» **Dataset extract**
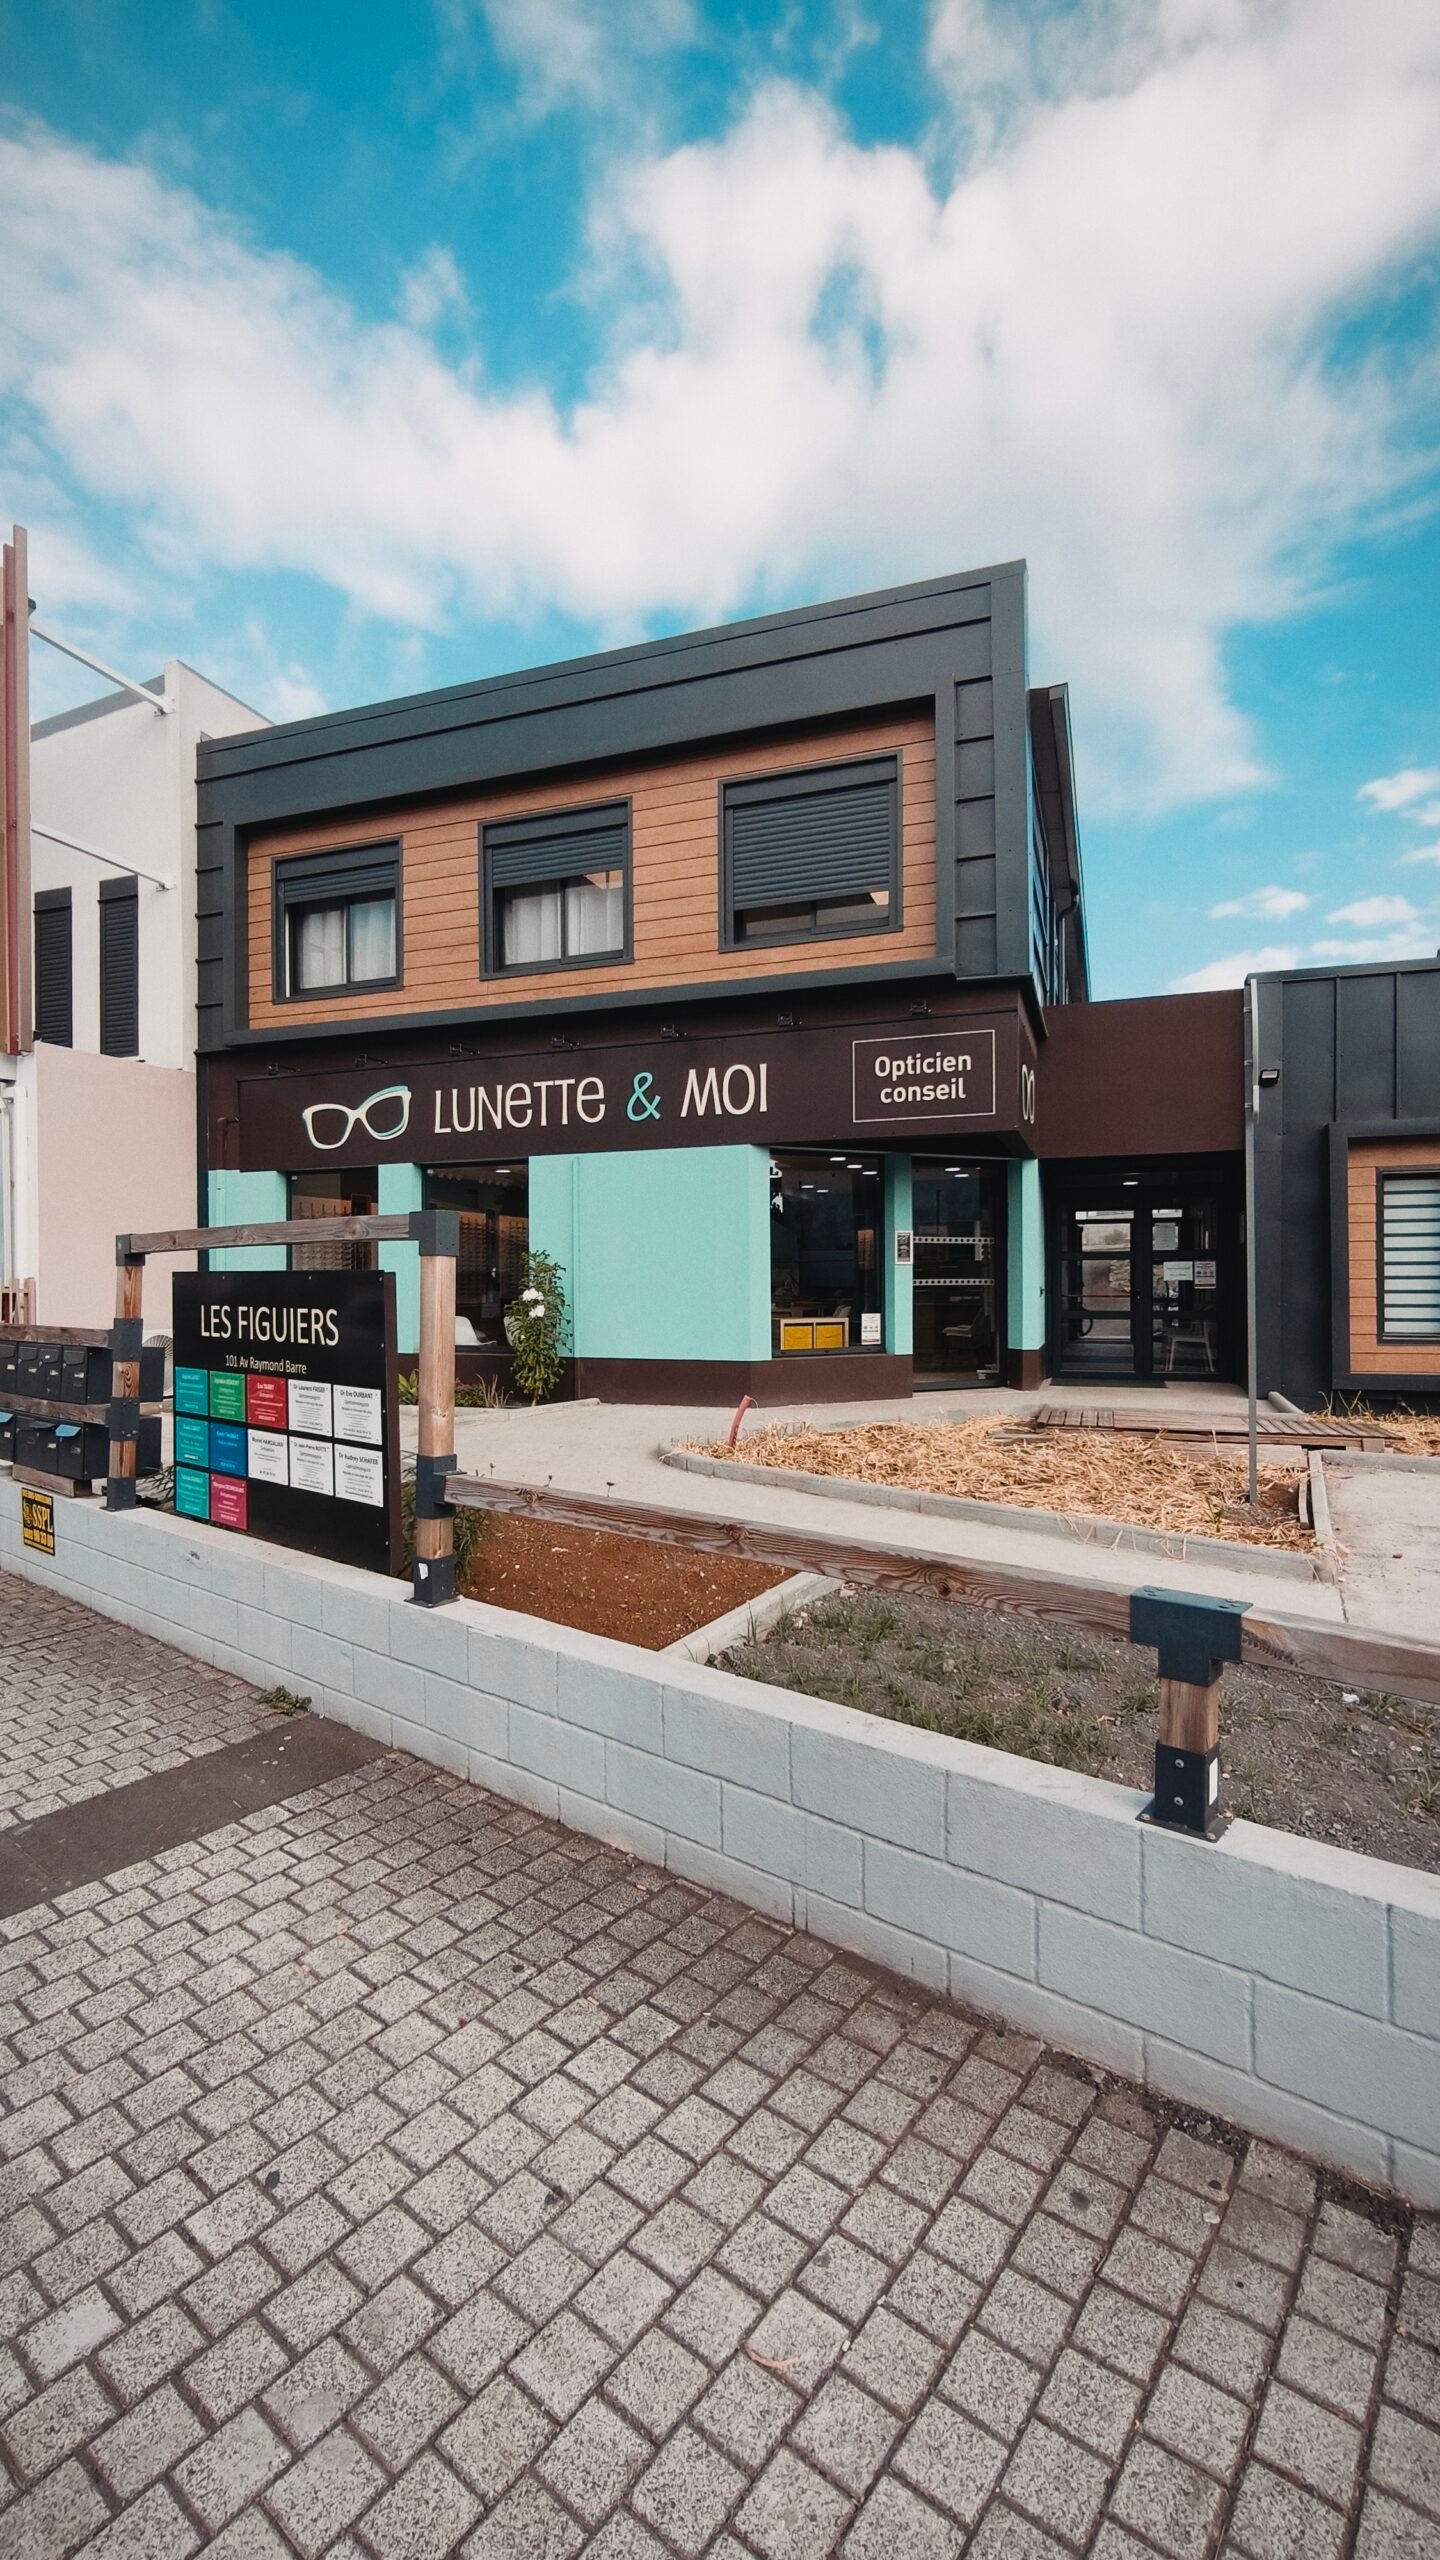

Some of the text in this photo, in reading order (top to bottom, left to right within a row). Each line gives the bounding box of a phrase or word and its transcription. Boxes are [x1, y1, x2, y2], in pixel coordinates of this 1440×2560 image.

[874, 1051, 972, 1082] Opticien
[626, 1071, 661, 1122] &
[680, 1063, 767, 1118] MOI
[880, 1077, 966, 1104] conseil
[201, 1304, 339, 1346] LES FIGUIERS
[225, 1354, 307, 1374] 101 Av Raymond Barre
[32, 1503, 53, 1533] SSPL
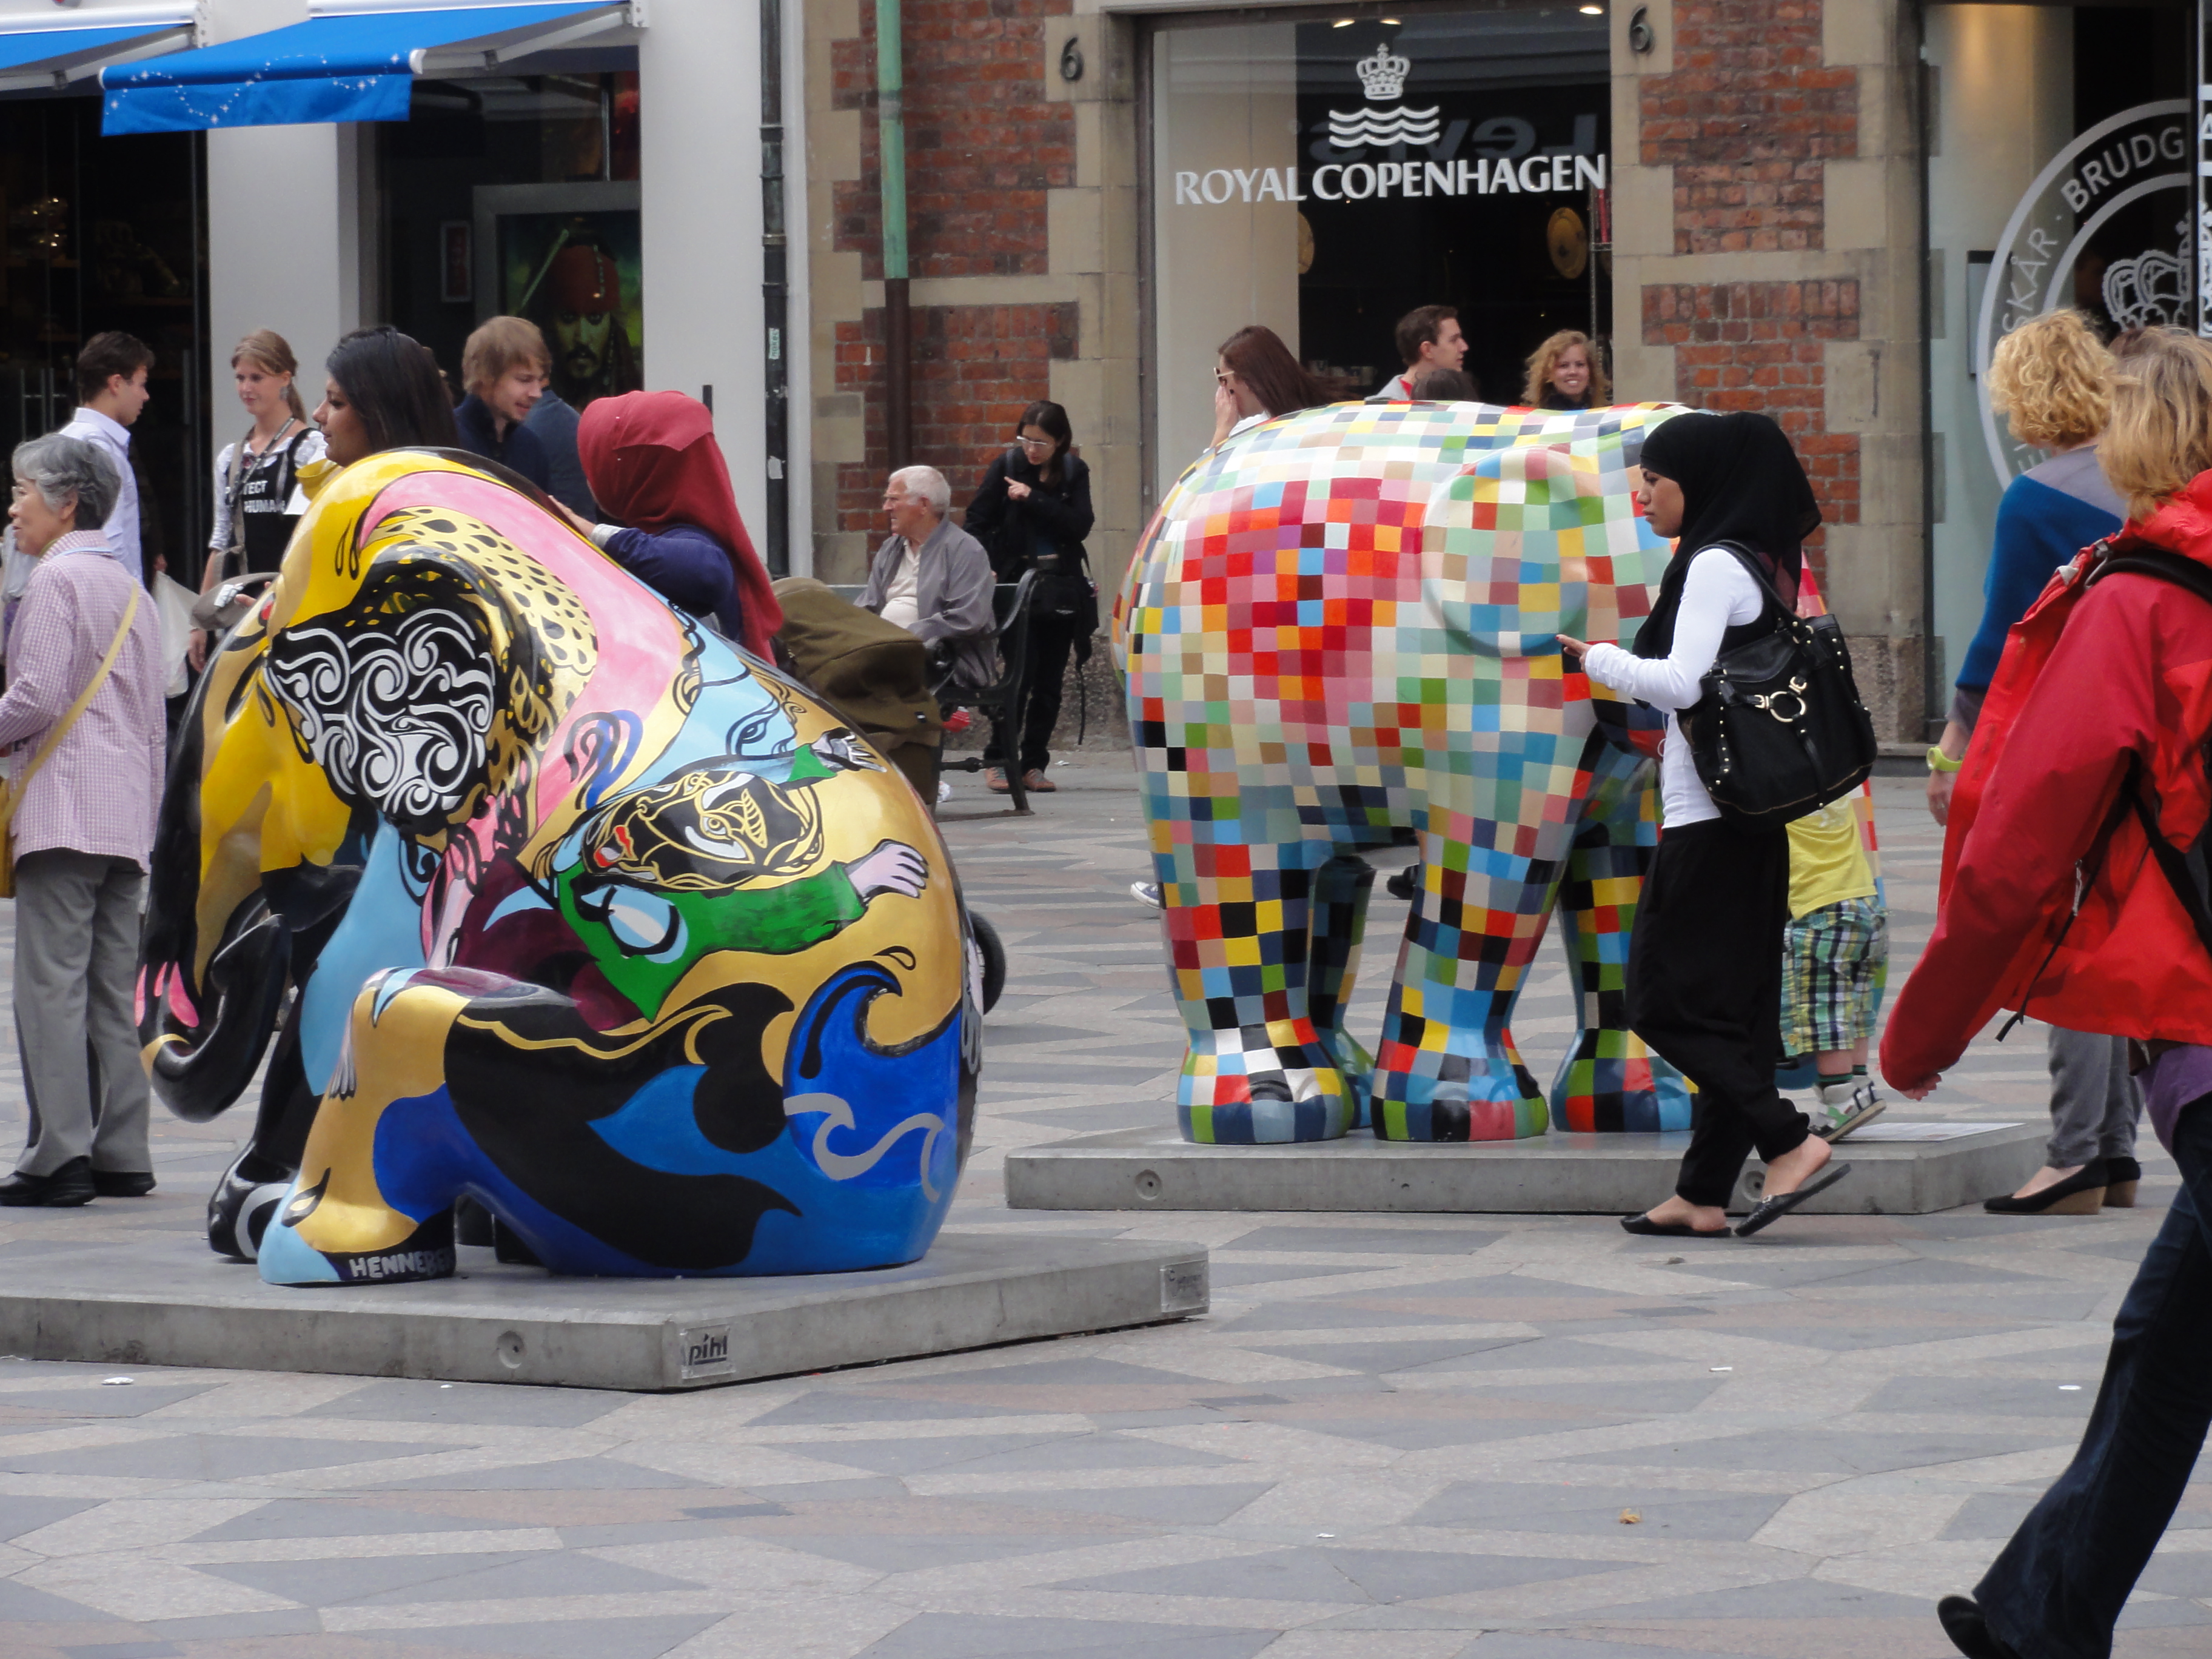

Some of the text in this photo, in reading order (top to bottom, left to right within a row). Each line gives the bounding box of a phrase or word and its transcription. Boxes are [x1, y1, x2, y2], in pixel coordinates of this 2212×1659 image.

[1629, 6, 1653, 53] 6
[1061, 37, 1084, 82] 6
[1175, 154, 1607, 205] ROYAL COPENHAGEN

» **What you need to do**
The answer must consist of the lines from the one with "this 2212×1659 image." through the final line of the entries above, exactly as they are, and nothing else.

» **Response to this task**
Some of the text in this photo, in reading order (top to bottom, left to right within a row). Each line gives the bounding box of a phrase or word and its transcription. Boxes are [x1, y1, x2, y2], in pixel coordinates of this 2212×1659 image.

[1629, 6, 1653, 53] 6
[1061, 37, 1084, 82] 6
[1175, 154, 1607, 205] ROYAL COPENHAGEN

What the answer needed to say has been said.